Renewed interest on PDF
Some hackers recently begin to focus their efforts on PDF format once again. In some conferences they demonstrated their vicious takedown of this technology. It is a common knowledge that PDF is so insecure that many evil hackers can embed a malicious code that it is hard for common users to detect. These codes can sneak in their tentacles into unpatched holes, take control of your computer and send all of your secrets to the evil coders. PDF technology is more than a decade old and we need to see a major revamp of the architecture from the bottom up.
Baseband is a phone component that is used to send and receive broadcast signals. Unfortunately, if your cellphone is using a GSM network, it’s relatively easy to manipulate the baseband with a few evil tricks. Hackers may easily do this by faking up base stations that allow them to snoop on your text messages and conversations. Another way is by sending malicious codes to your smartphone which can tell your phone’s OS to send classified data and turn your device into a zombie. So the next time you’re making a call, there could be a third person that taps on your conversation. Obviously, this trick may bring to mind, espionage efforts between nations and industrial communities.
More attacks on bank cards
A researcher from Cambridge University recently revealed that it is possible to break into the ATM card system and Smart credit card in UK, relatively easily. Although the banking industry in United Kingdoms has claimed that their systems are impervious to external attacks, it has been proven over and over again that these system can be broken and cause many people lose their hard-earned money.
Defeating GSM channel flipping
If the baseband manipulation can’t freak you out, then there is another way for hacker to snoop on you. Researches have revealed that standard encryption methods used to protect your data and private conversations can be quickly defeated using certain consumer-grade hardware.
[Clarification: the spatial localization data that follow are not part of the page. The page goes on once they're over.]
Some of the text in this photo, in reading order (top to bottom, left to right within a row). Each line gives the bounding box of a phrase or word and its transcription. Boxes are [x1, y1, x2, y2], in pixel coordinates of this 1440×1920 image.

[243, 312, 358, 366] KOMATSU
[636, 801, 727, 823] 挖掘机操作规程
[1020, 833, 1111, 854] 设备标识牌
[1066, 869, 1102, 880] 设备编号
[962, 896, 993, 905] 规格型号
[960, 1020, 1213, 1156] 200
Often, GSM network providers claim that their frequency flipping technique is enough to deter even the most sophisticated spies. Someone may be able to grab a chunk of data, but when the signal flips to a different channel, the hacker’s effort is over. However, some researchers can circumvent this security technique only by using a cheap $50 phone. The tapped signal is injected to the phone and it can follow the signal to whatever channel it goes.
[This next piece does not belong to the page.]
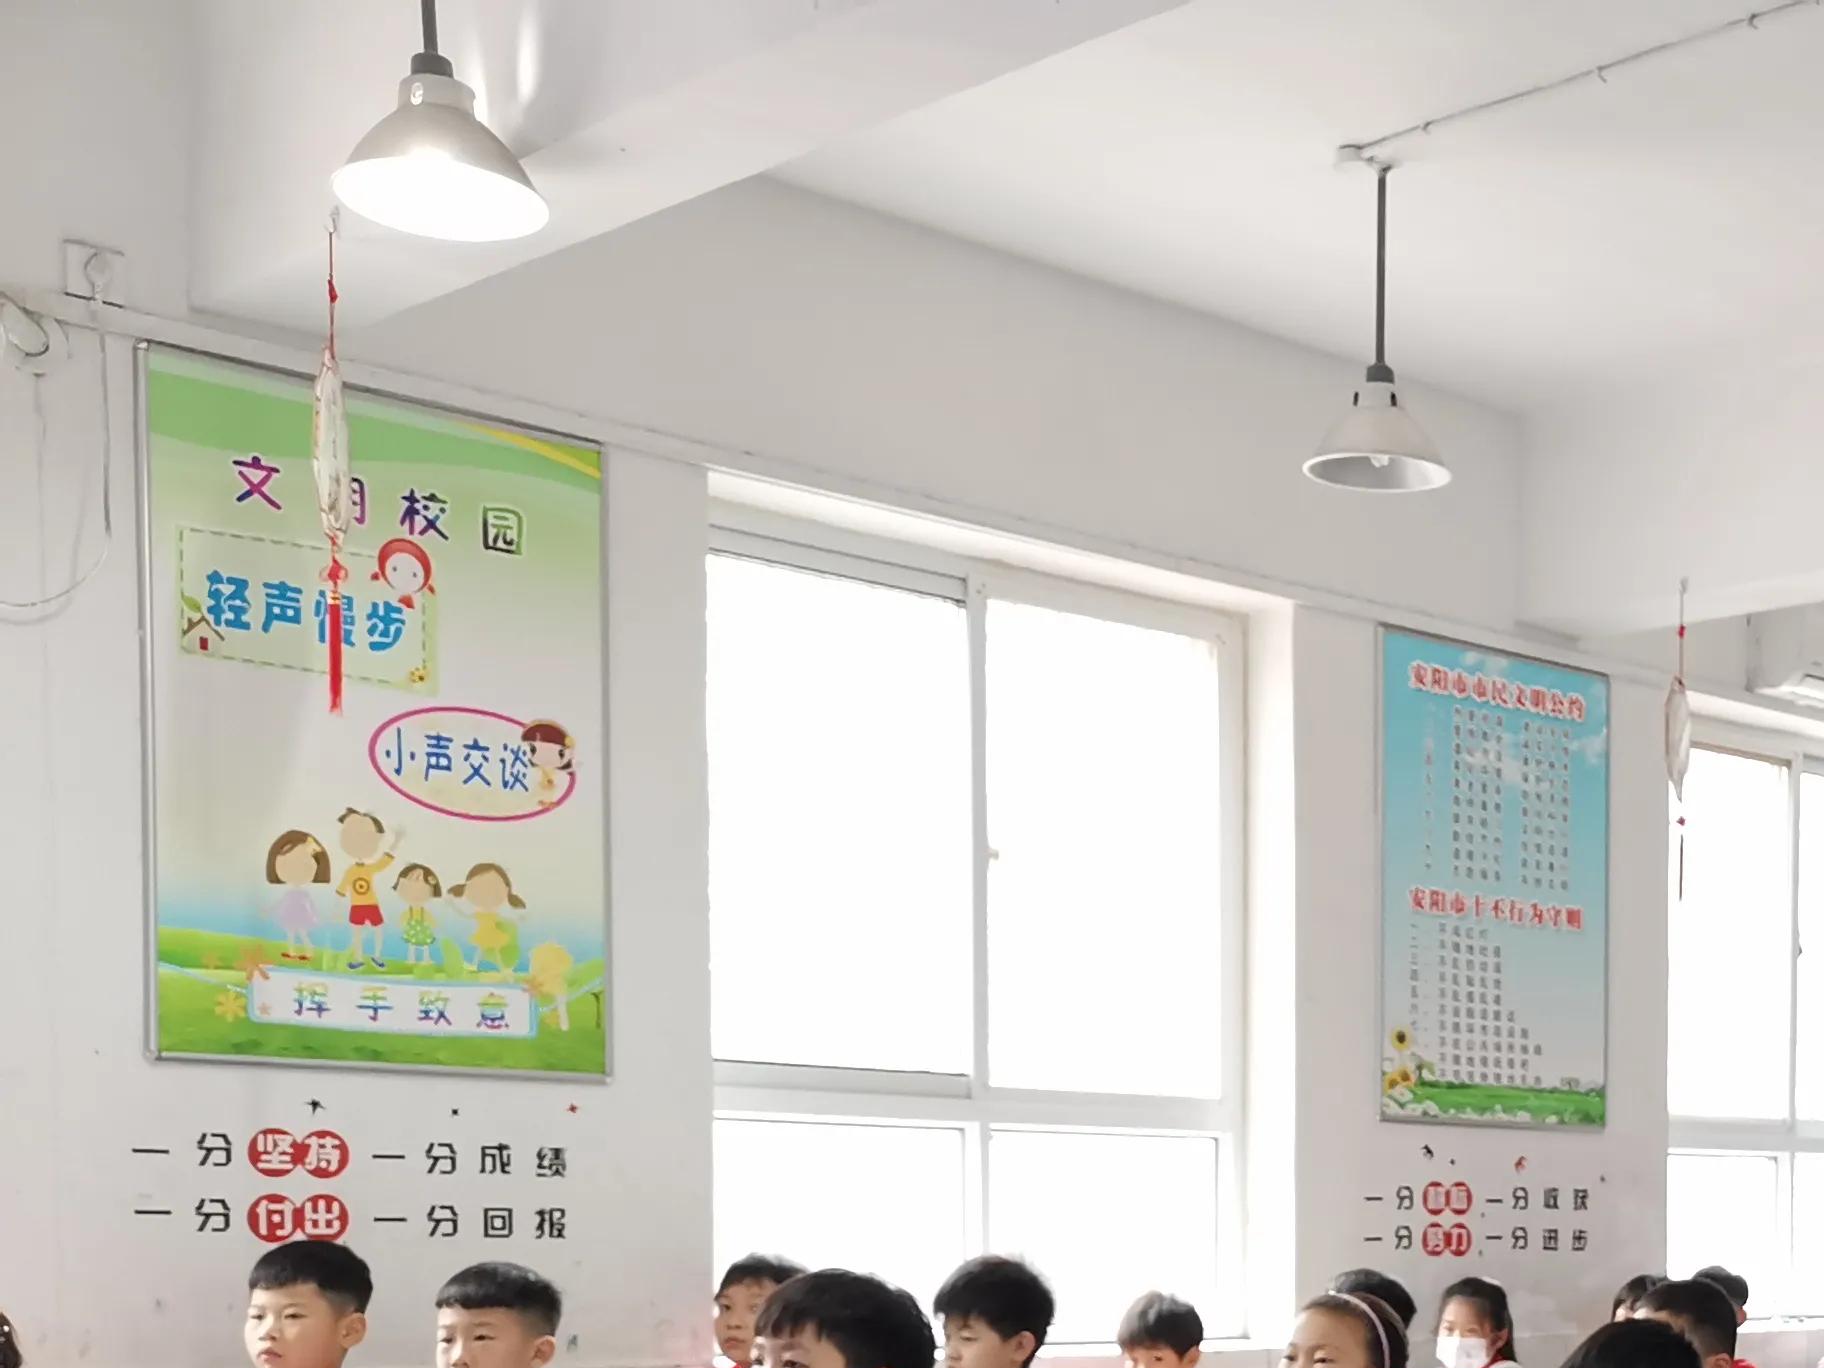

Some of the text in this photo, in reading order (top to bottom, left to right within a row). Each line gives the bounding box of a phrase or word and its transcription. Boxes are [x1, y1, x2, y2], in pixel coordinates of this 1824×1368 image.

[206, 568, 408, 654] 轻声慢步
[385, 727, 532, 792] 小声交谈
[293, 983, 510, 1031] 挥手致意
Our vital infrastructures are getting more integrated to the network. Researchers have often walked us through many ways that can disrupt the supposedly dependable infrastructure. For example, energy grids can be controlled due to its remote control and automation features.
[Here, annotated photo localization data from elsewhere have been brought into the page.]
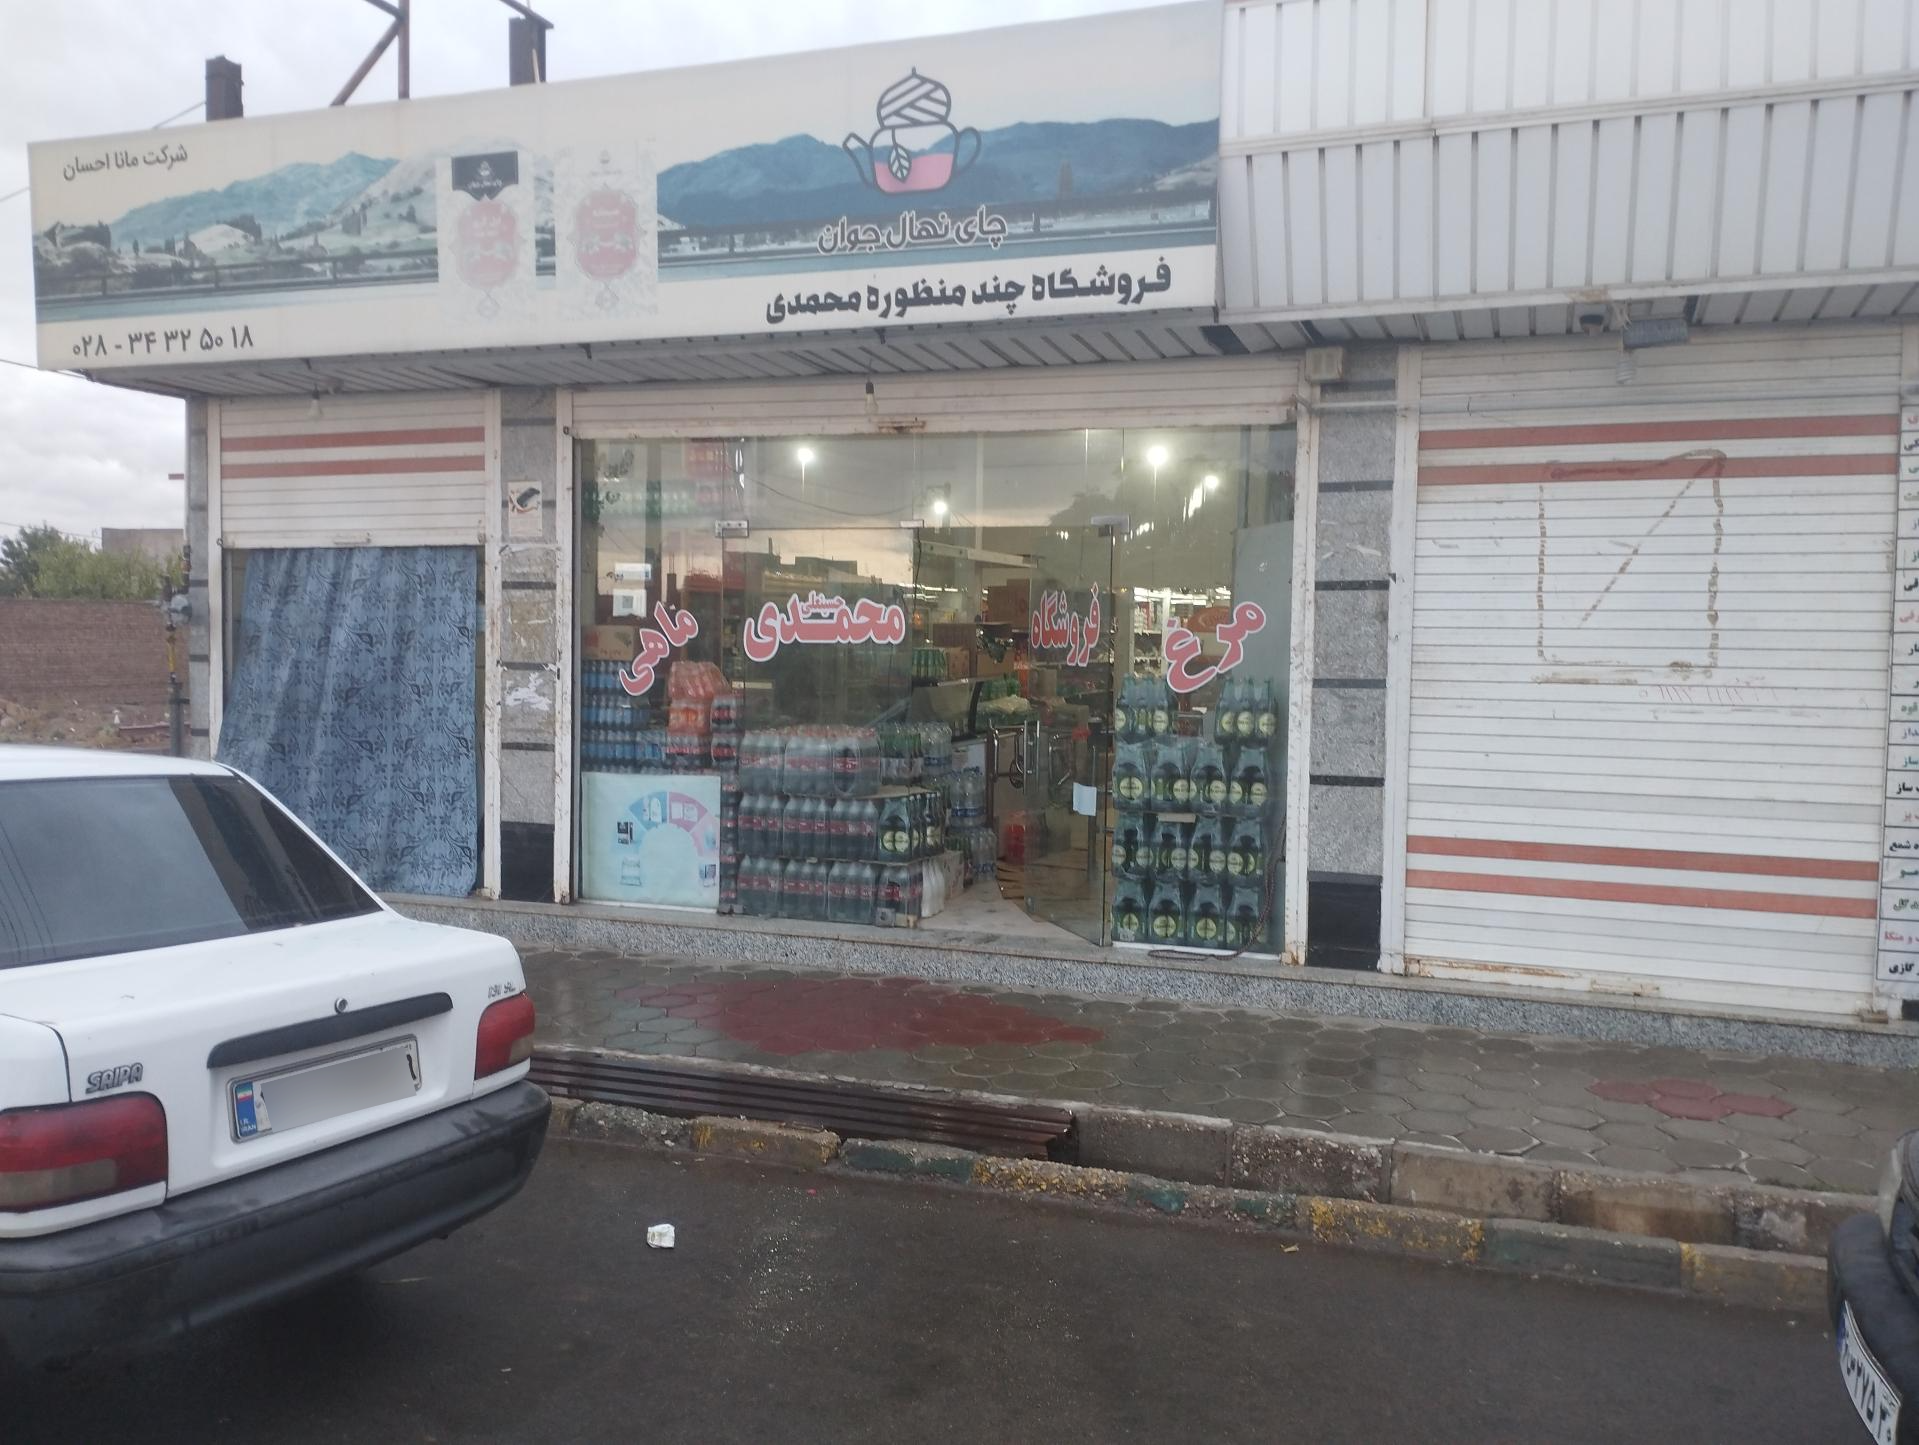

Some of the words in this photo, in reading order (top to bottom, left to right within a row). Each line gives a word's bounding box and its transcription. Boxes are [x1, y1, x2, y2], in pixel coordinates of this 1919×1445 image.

[63, 152, 110, 181] احسان
[114, 150, 139, 169] مانا
[143, 144, 188, 171] شرکت
[817, 215, 882, 256] جوان
[885, 210, 952, 250] نهال
[954, 204, 1009, 250] چای
[867, 278, 967, 318] منظوره
[972, 276, 1026, 315] چند
[1032, 256, 1172, 305] فروشگاه
[766, 286, 862, 325] محمدی
[743, 593, 906, 662] محمدی
[1031, 581, 1100, 667] فروشگاه
[619, 600, 699, 696] ماهی
[1165, 601, 1267, 693] مرغ
[85, 1062, 143, 1095] SAIPA
Advanced gaming console jailbreaking
Gaming console is increasingly considered as a standard home appliance, along with computers, TV and home theatres. PlayStation 3 is among the most commonly used consoles along with Xbox 360 and Wii. Of course, PS3 can be fun, but is it only exists to entertain you? Are there other possible uses of the console? Can we install an OS on it and turn it into a computer? A group called fail0verflow showed that it is easy to retrieve codes needed to unlock your PS3 and force it to do your bidding. The series of numbers needed to unlock the console is already present inside the console themselves. It is possible to modify it and make the console programmable. Unfortunately, Sony has sued the group allegedly for distributing methods and tools that can allow PS3 piracy.
Preventing DDOS attacks
Dan Bernstein is the legend of cryptography, he developed some of the most secure system known to man. He recently revealed that DNSSEC, the oft-touted system for system security actually can be transformed into an excellent DoS attack tool. He also has a mindblowing proposition for a highly-advanced system for transporting data over the Internet that make DoS attacks nearly impossible. His system is based on specialized encryption tools, called CurveCP and DNSCurve, that can already be implemented on the Web today. Moreover, the system is lightning fast compared to the current architecture.
Open Ocean Mapping
You may already use open mapping services on the internet, for example the Open Street map where hackers and common users can add their own data and make it easier for everyone to navigate places around the world. But what about ocean navigation? Maps for this purpose is already available commercially and often are very expensive. The Open Sea Chart, is a group that has an aim to make it easier for everyone to get ocean map for free. This project may one day help individual fisherman around the world.